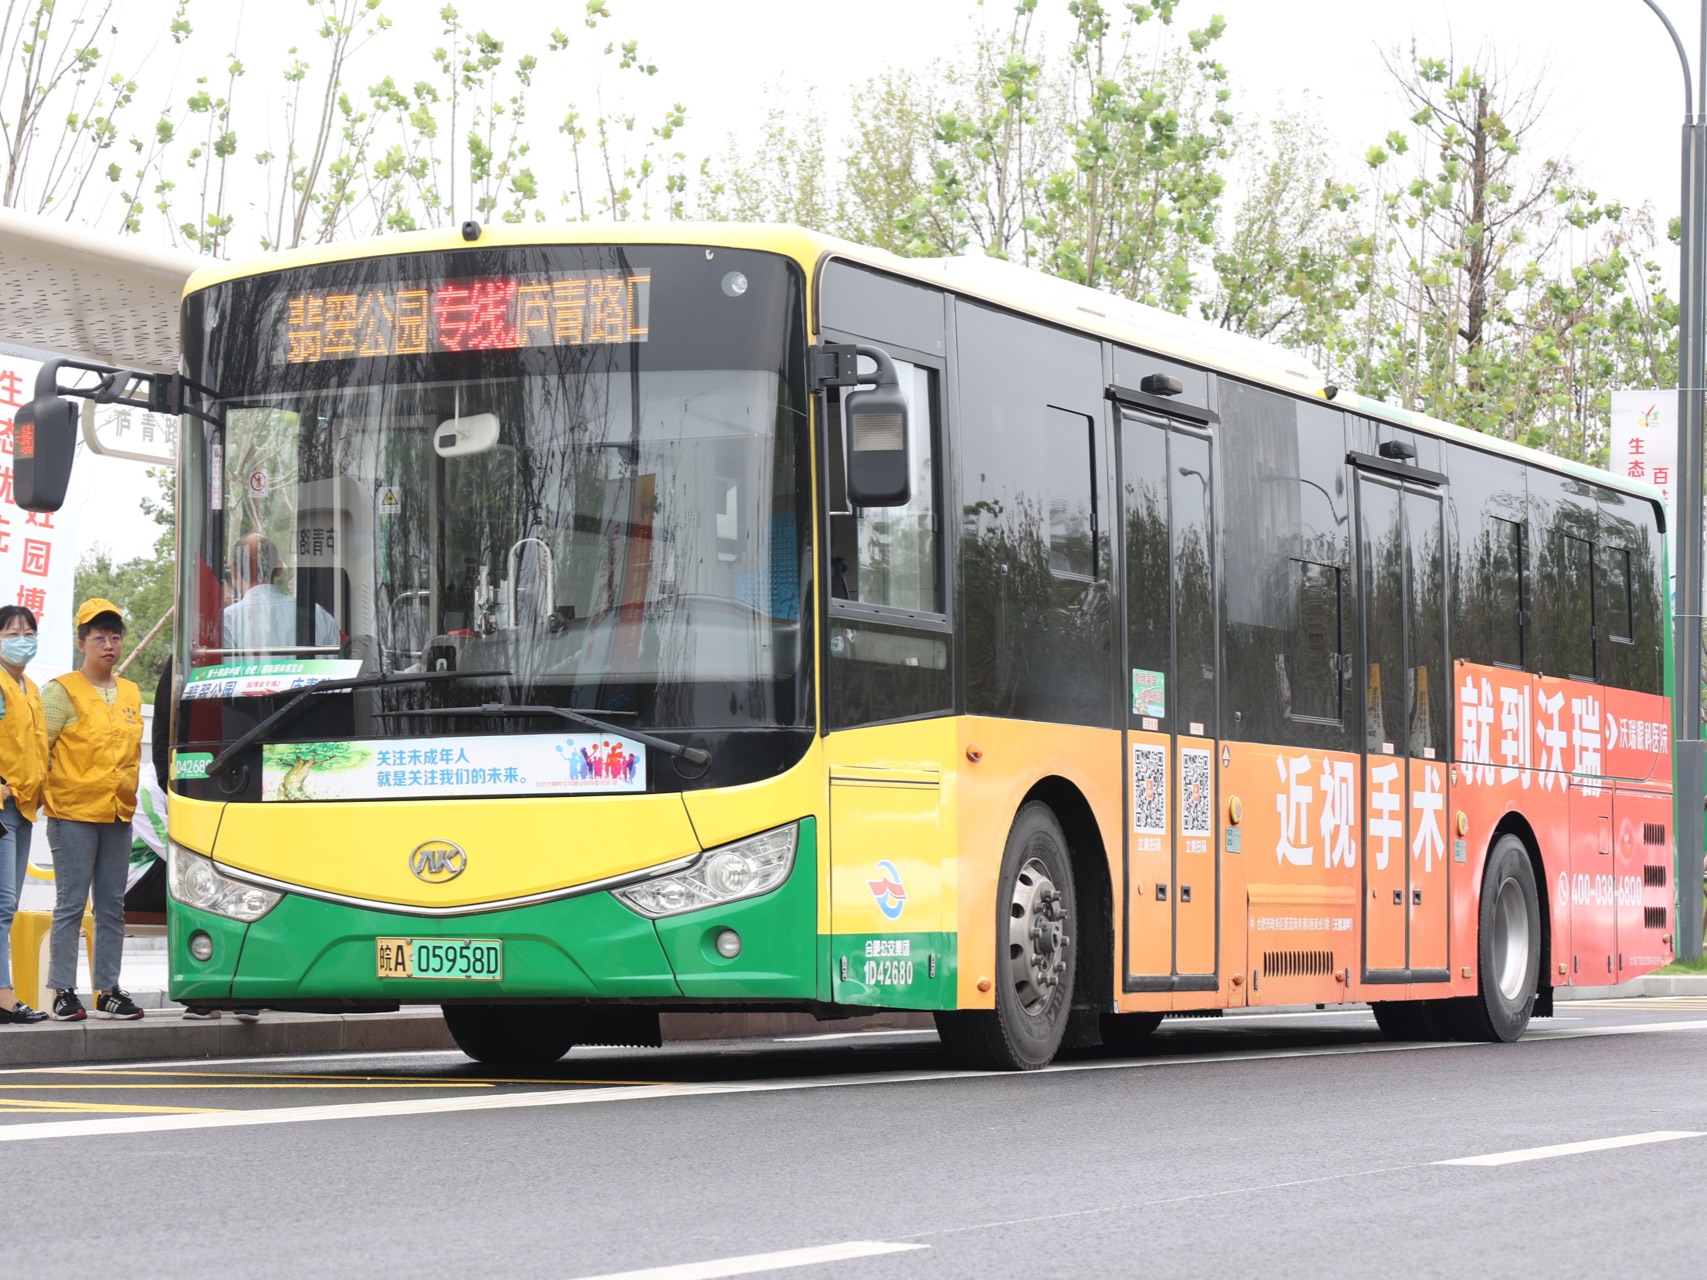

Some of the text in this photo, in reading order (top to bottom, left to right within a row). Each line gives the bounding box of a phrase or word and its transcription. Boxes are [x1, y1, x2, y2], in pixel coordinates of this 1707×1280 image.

[1628, 437, 1645, 478] 生态
[1460, 675, 1602, 797] 就到沃瑞
[1619, 717, 1669, 754] 沃瑞眼科医院
[376, 747, 470, 767] 关注未成年人
[376, 767, 527, 787] 就是关注我们的未来。
[1275, 754, 1445, 872] 近视手术
[1571, 873, 1642, 906] 400-038-6800
[865, 939, 911, 957] 合肥公交集团
[864, 960, 913, 985] 1D42680
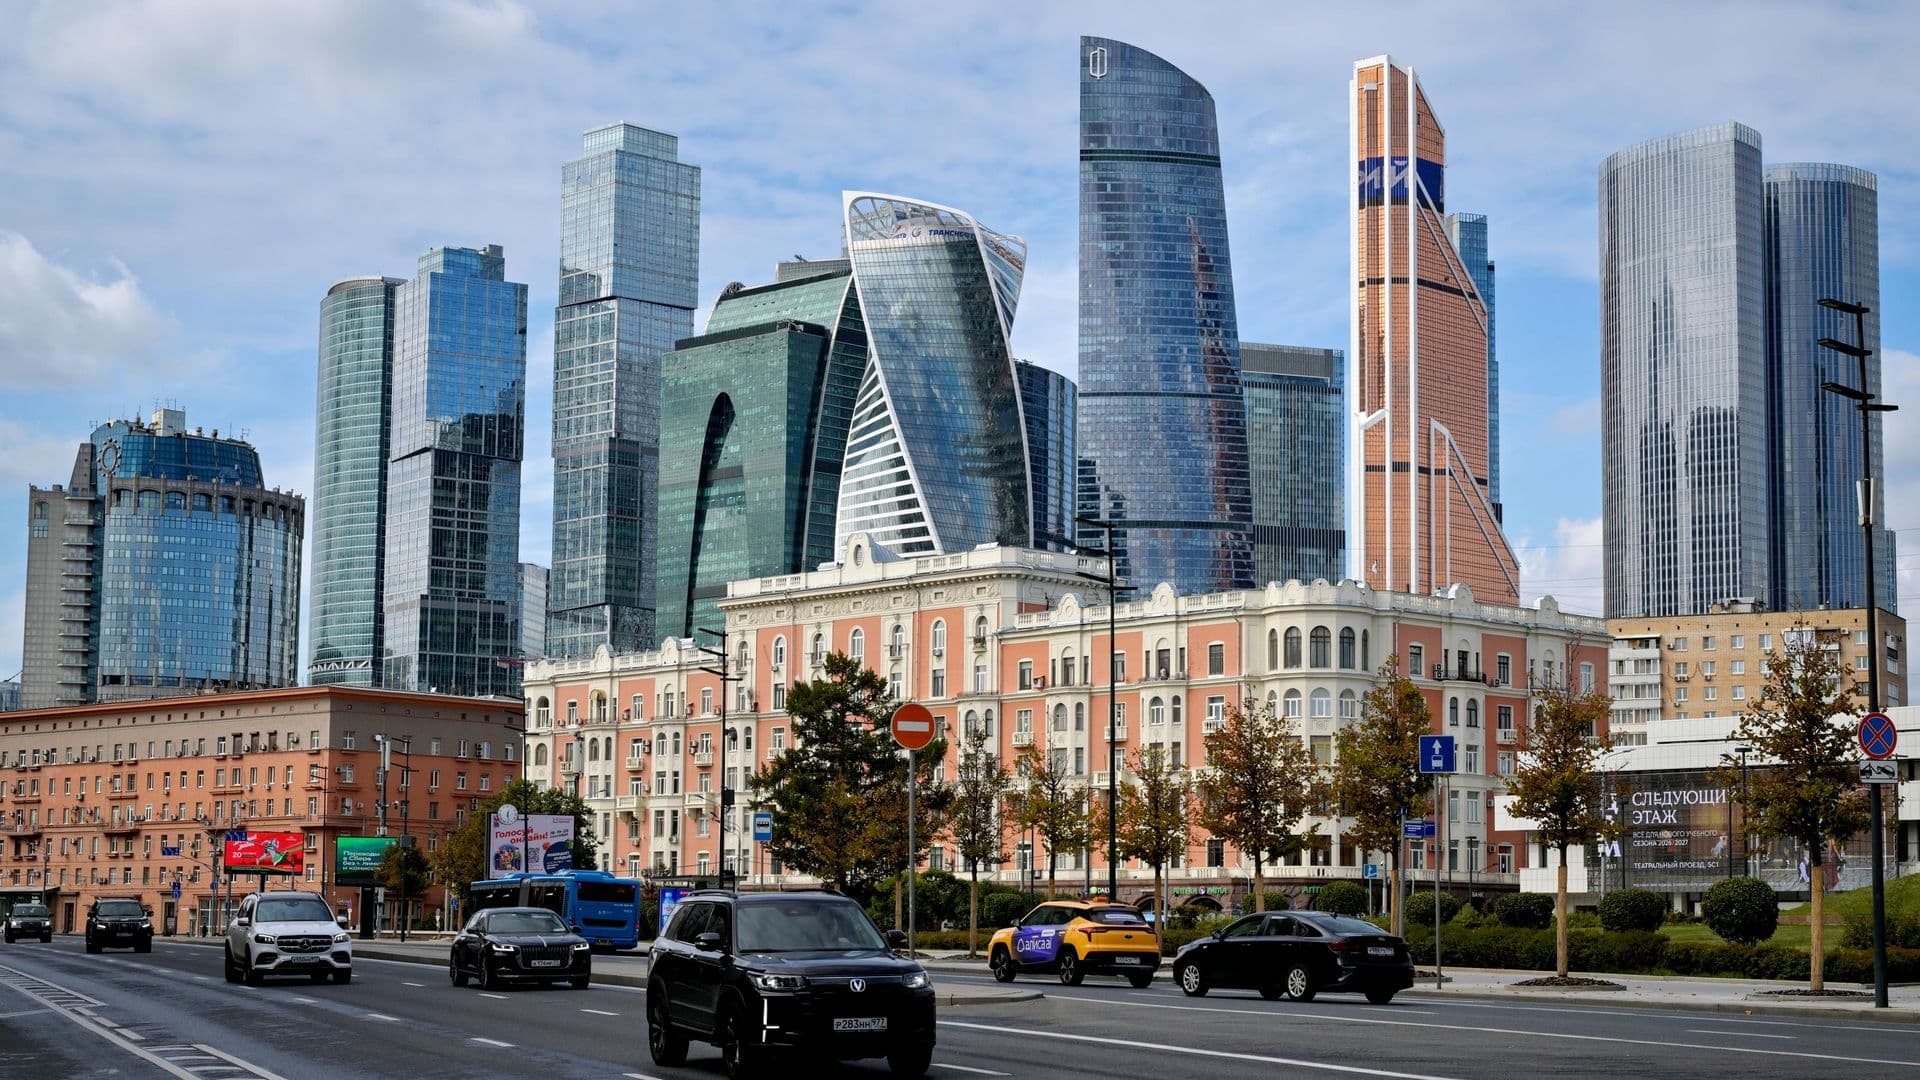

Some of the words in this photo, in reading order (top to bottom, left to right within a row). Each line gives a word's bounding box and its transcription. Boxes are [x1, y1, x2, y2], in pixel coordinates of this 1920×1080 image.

[1632, 809, 1677, 824] ЭТАЖ
[1633, 839, 1657, 847] СЕЗОНА
[1633, 860, 1678, 869] ТЕАТРАЛЬНЫЙ
• • •
■ About this task
The material above holds pictures; copy everything else in it exactly.

■ Response area
Some of the text in this photo, in reading order (top to bottom, left to right within a row). Each line gives the bounding box of a phrase or word and its transcription. Boxes are [x1, y1, x2, y2], in pixel coordinates of this 1707×1280 image.

[1628, 437, 1645, 478] 生态
[1460, 675, 1602, 797] 就到沃瑞
[1619, 717, 1669, 754] 沃瑞眼科医院
[376, 747, 470, 767] 关注未成年人
[376, 767, 527, 787] 就是关注我们的未来。
[1275, 754, 1445, 872] 近视手术
[1571, 873, 1642, 906] 400-038-6800
[865, 939, 911, 957] 合肥公交集团
[864, 960, 913, 985] 1D42680

Some of the words in this photo, in reading order (top to bottom, left to right within a row). Each line gives a word's bounding box and its transcription. Boxes are [x1, y1, x2, y2], in pixel coordinates of this 1920×1080 image.

[1632, 809, 1677, 824] ЭТАЖ
[1633, 839, 1657, 847] СЕЗОНА
[1633, 860, 1678, 869] ТЕАТРАЛЬНЫЙ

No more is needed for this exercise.